**EXERCISE**
Repeat each record below exactly, dropping the pictures.

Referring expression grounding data
= Beginning of Section =
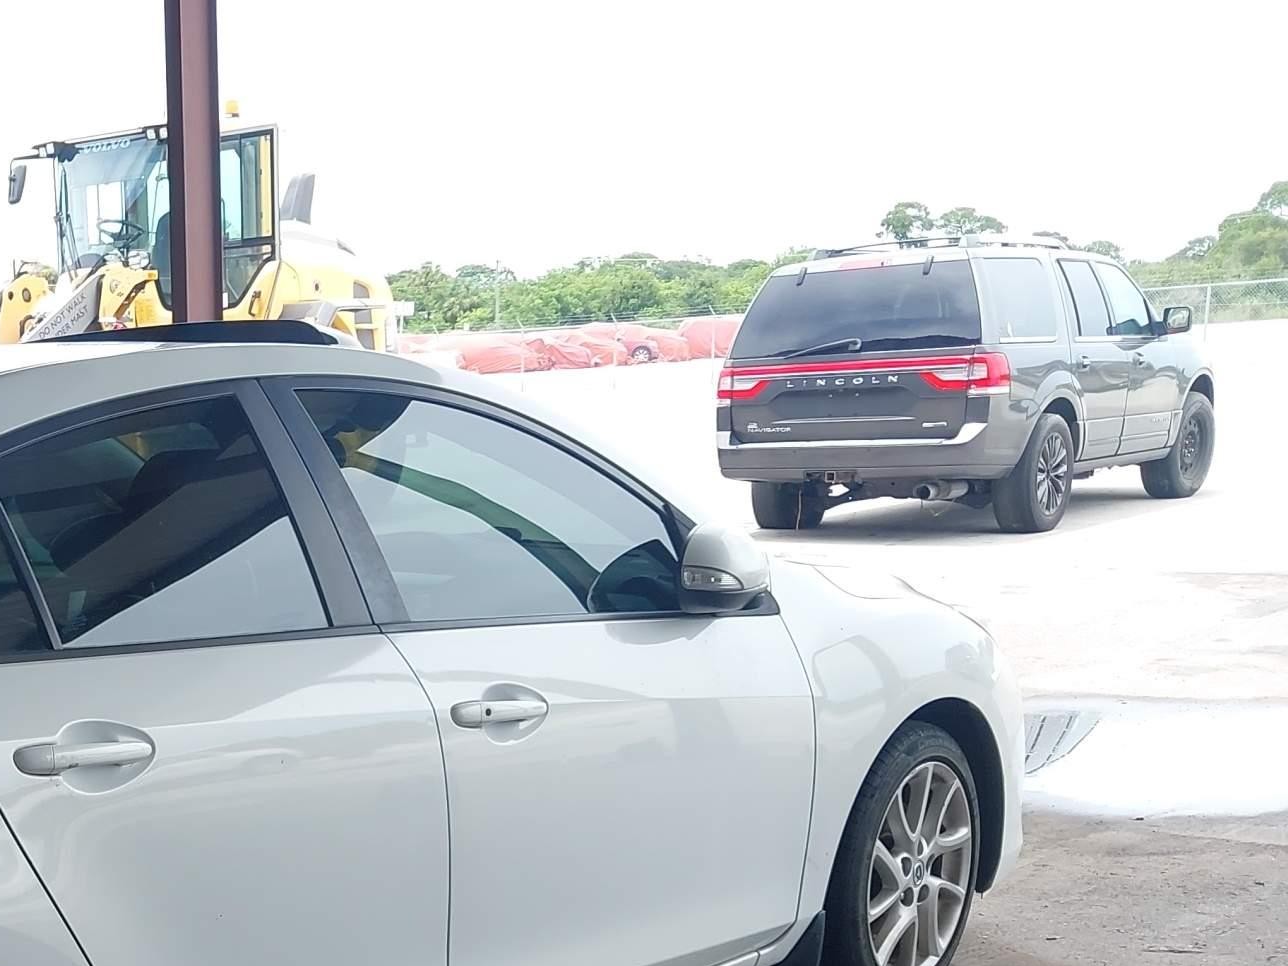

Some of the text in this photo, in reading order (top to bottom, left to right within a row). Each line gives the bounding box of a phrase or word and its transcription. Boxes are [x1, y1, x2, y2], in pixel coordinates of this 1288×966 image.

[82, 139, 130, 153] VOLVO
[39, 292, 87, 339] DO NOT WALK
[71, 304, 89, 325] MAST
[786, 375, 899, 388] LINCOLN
= End of Section =
**TASK RESPONSE**
Some of the text in this photo, in reading order (top to bottom, left to right within a row). Each line gives the bounding box of a phrase or word and its transcription. Boxes are [x1, y1, x2, y2], in pixel coordinates of this 1288×966 image.

[82, 139, 130, 153] VOLVO
[39, 292, 87, 339] DO NOT WALK
[71, 304, 89, 325] MAST
[786, 375, 899, 388] LINCOLN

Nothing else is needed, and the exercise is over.